My sewing days are over, so I'm selling my vintage Singer Slant Needle sewing machine and cabinet. It has a gaggle of attachments including button-holer, pleater, ruffler and more. It belonged to my Aunt Ann, who was an excellent tailor, making most of her own dresses and coats that looked like fine designer clothes. I'll keep a smaller portable Brother quilting machine.
As I write this, Benny and the Jets plays, the iconic song blasted through a window at Kiester Rd Apts in Slippery Rock the summer of 1973. Dancing in the streets, joy everywhere.
Random: I counted 22 friends on Facebook who are no longer with us. Is this sounding dreadful? It is...
Why California? When we first moved to NYC Gateway Towers, Manhattan NY, we met Wade and Laura, and Carla was hired to nanny their 2 small children when she was 15. They have been lifelong friends ever since. They sublet their Manhattan apartment, bought a house in Visalia CA and offered to host wedding festivities. After looking at venues nearby, she decided to take them up on their offer. I'm nervous as a whore in church to leave my comfort zone, but excited to send her off in into a magical future. That's all folks, til we meet again.
”Let’s walk towards each other and let’s say goodbye.” Legendary performance artists and former couple Marina Abramović and Ulay (1943-2020) discuss their final joint performance.

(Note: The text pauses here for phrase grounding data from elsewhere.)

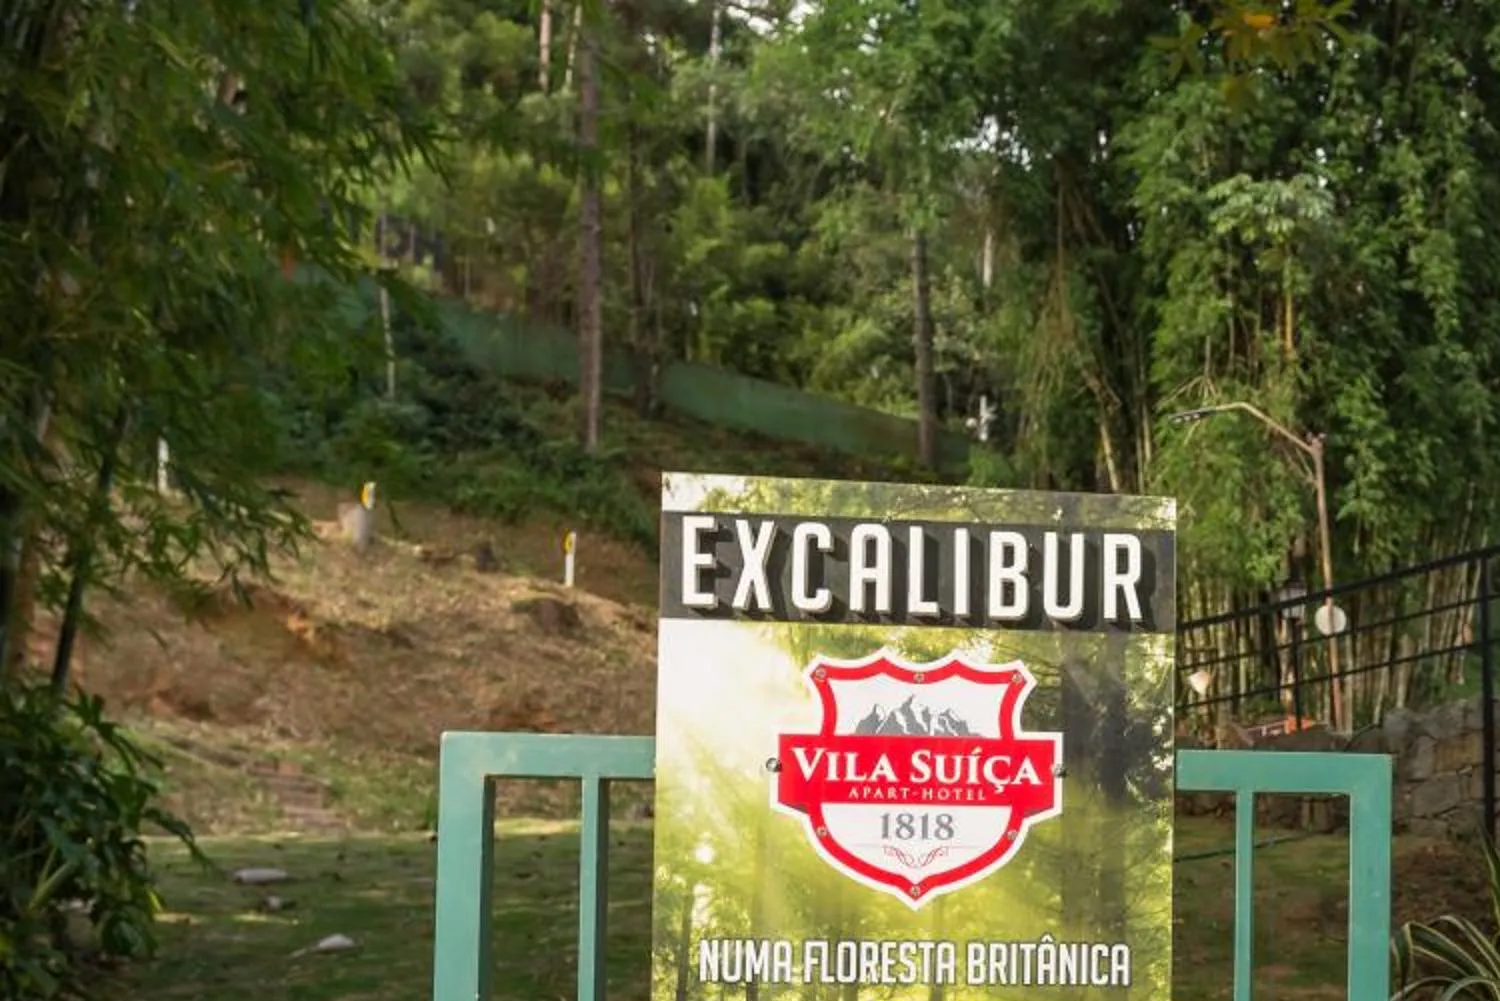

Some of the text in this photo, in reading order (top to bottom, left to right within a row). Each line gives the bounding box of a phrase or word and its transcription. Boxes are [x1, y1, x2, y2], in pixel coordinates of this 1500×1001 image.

[681, 515, 1143, 621] EXCALIBUR
[793, 746, 1043, 793] VILA SUÍÇA
[848, 786, 987, 801] APART-HOTEL
[879, 812, 954, 840] 1818
[699, 935, 1131, 987] NUMA FLORESTA BRITÂNICA
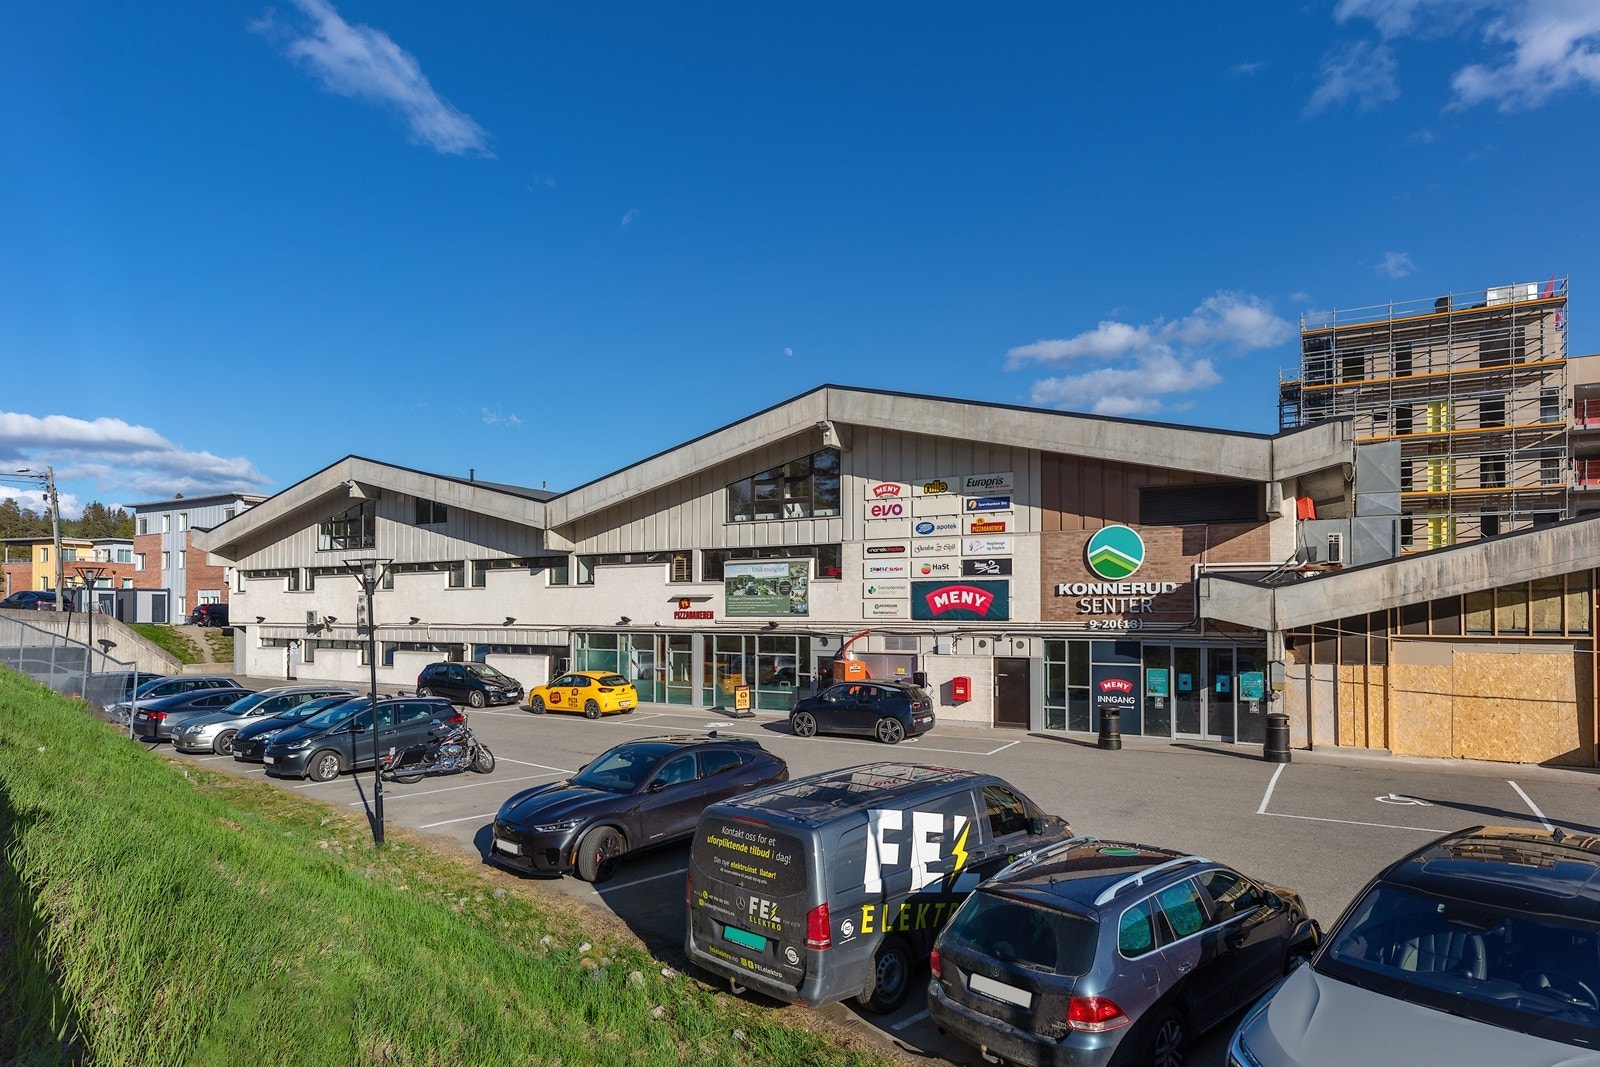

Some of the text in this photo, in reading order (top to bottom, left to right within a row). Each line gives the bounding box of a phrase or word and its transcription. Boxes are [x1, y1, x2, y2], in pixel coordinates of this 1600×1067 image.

[924, 480, 948, 494] nille
[966, 476, 1004, 488] Europris
[876, 486, 899, 495] MENY
[871, 503, 903, 517] evo
[1058, 582, 1177, 594] KONNERUD
[933, 591, 987, 608] MENY
[1080, 597, 1153, 613] SENTER
[1089, 619, 1144, 630] 9-20(18)
[1103, 681, 1129, 690] MENY
[1097, 695, 1135, 704] INNGANG
[721, 826, 776, 847] Kontakt oss for et
[707, 835, 748, 853] uforpliktende
[749, 845, 771, 859] tilbud
[775, 852, 792, 865] dag!
[713, 856, 722, 864] Din
[722, 859, 730, 867] nye
[730, 861, 777, 879] elektroinstllatør!
[749, 915, 782, 931] ELEKTRO
[860, 902, 961, 934] ELEKT
[754, 963, 783, 978] FELelektro

After many years of collaborating in life and art, Marina Abramović and Ulay decided to end their relationship and collaboration in 1988 with one final performance piece: The Great Wall Walk. The two walked the Great Wall of China, one from the East end of the wall, the other from the West, meeting halfway: ”This was probably the most dramatic goodbye,” Marina Abramović says.

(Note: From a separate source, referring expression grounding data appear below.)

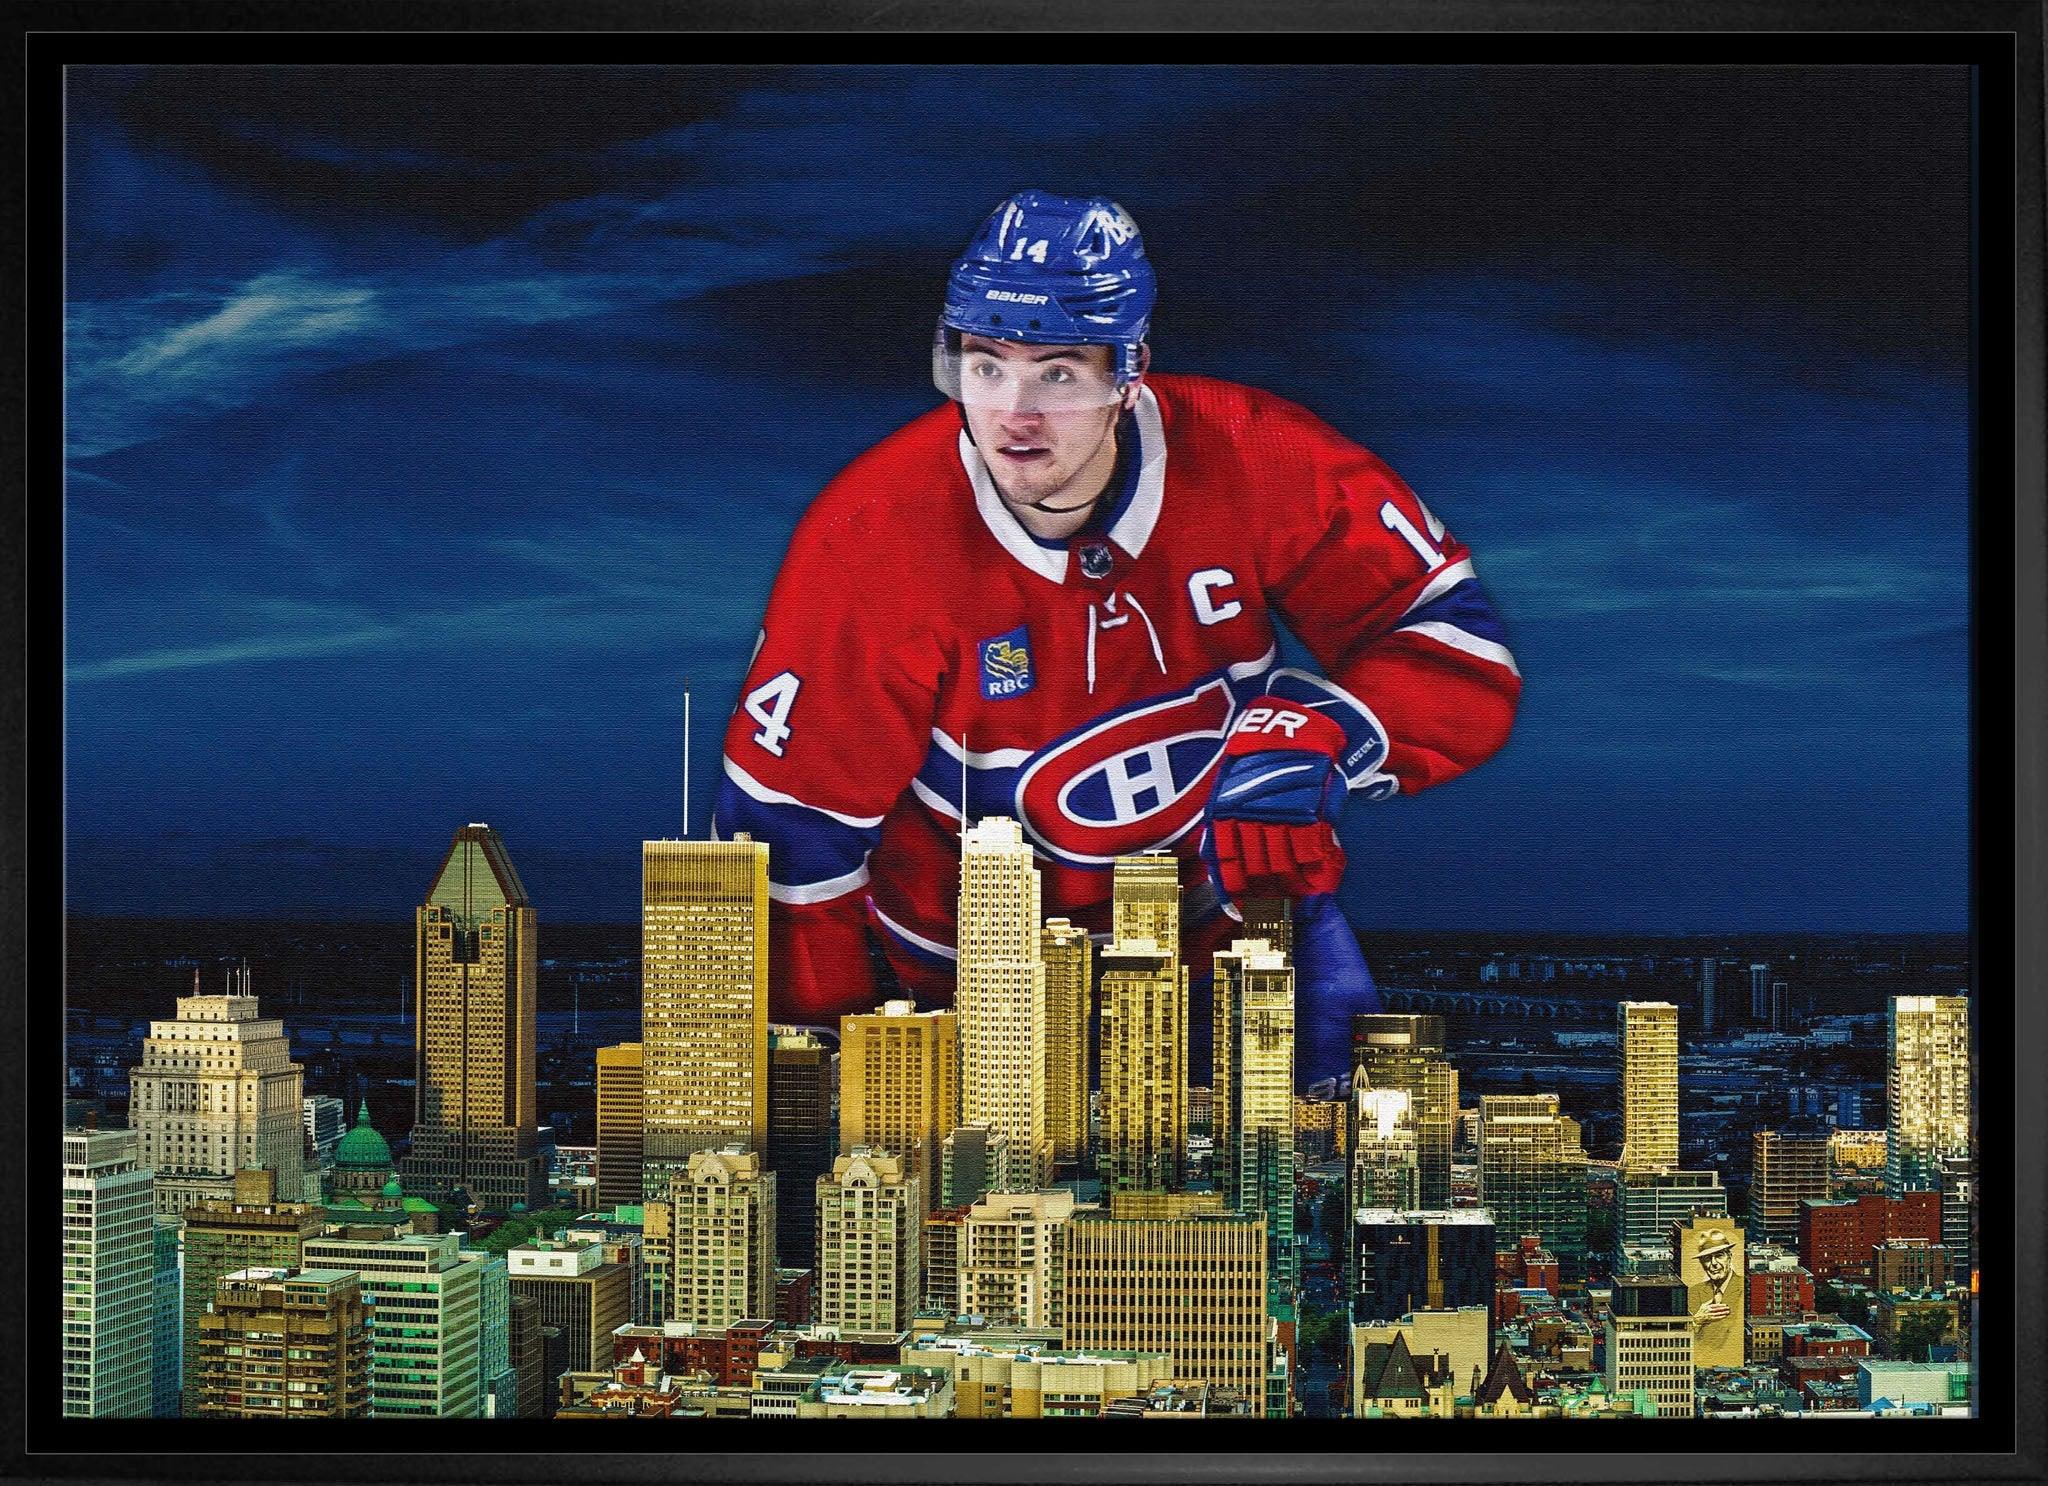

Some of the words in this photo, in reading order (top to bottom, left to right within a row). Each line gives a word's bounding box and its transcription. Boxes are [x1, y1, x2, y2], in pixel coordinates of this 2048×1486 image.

[1010, 237, 1050, 264] 14
[985, 289, 1049, 305] BAUER
[1188, 568, 1242, 626] C
[734, 638, 801, 758] 4
[988, 674, 1030, 696] RBC

“We met one day before, and we didn’t talk. We only said good luck,” Ulay recalls. “Our greatest wish was to walk, to move.” Walking over 2000 km with no prior training took a toll on the body, but “once you get the strength, you understand the beauty of nature,” Marina Abramović says, Ulay agreeing: “I got so in tune with the Earth, with my body, which was a great sensation.”
Finally meeting each other meant closing the chapter of not only their relationship but also working together as artists: “This was so painful, the whole thing,” Abramović explains: “Saying goodbye is saying goodbye to our collaboration work, and you find yourself in a kind of emptiness.” Both went their separate ways: “When we split, it was like a person had died,” Ulay says. The couple famously reunited at Marina Abramović’s performance The Artist is Present at MoMA in 2010.

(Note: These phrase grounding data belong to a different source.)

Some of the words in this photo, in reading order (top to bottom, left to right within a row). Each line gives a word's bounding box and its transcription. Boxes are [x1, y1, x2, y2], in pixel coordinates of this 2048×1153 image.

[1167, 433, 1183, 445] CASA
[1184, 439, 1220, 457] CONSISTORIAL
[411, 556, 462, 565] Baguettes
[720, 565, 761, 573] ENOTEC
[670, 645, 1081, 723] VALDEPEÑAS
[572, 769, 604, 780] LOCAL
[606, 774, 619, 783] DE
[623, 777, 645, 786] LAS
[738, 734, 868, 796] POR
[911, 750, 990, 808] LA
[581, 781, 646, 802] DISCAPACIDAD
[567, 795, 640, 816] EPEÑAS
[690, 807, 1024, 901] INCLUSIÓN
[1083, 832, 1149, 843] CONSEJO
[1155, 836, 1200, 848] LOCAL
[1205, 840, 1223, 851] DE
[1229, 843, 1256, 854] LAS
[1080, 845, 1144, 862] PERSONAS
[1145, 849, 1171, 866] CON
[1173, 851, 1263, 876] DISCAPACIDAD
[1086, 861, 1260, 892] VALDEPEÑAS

I'll often share something deeply moving or beautiful on Facebook, and end up deleting it the next day. But this blog is my own, and even if no one reads this, I'll update often because I love late night listenin', so check back occasionally.
If you've never heard of Rosie Malone, now you have.
Feb 23, 2026
When it comes to favorites, this is ALWAYS at the top of the list. It's on my dead playlist.
Today is Shrove Tuesday, also known as Fat Tuesday, the day all good Pennsylvania Dutch Amish and Mennonites divest themselves of rich ingredients, such as eggs, lard, butter, and sugar before the Lenten fast begins on Ash Wednesday.
These ingredients are combined to make a square dense pastry called Fasnachts (Fast Night). I remember Fasnacht Day in the 60's when I lived in Chambersburg, PA, which has a large Mennonite community. I've traveled the country, experiencing local cuisines and traditions, but never encountered fasnachts, even in Amish locales. It's truly a Pennsylvania Dutch tradition. Enough about history, but if your heart desires more about this tradition, read all about it: Fasnacht Day.
So we arose somewhat early this morning to start our day (I admit we could have started sooner but...) in our search for the most authentic fasnacht. Well, Lancaster PA is the heart of Pennsylvania Dutch country, so we had ample choices to find the "real thing".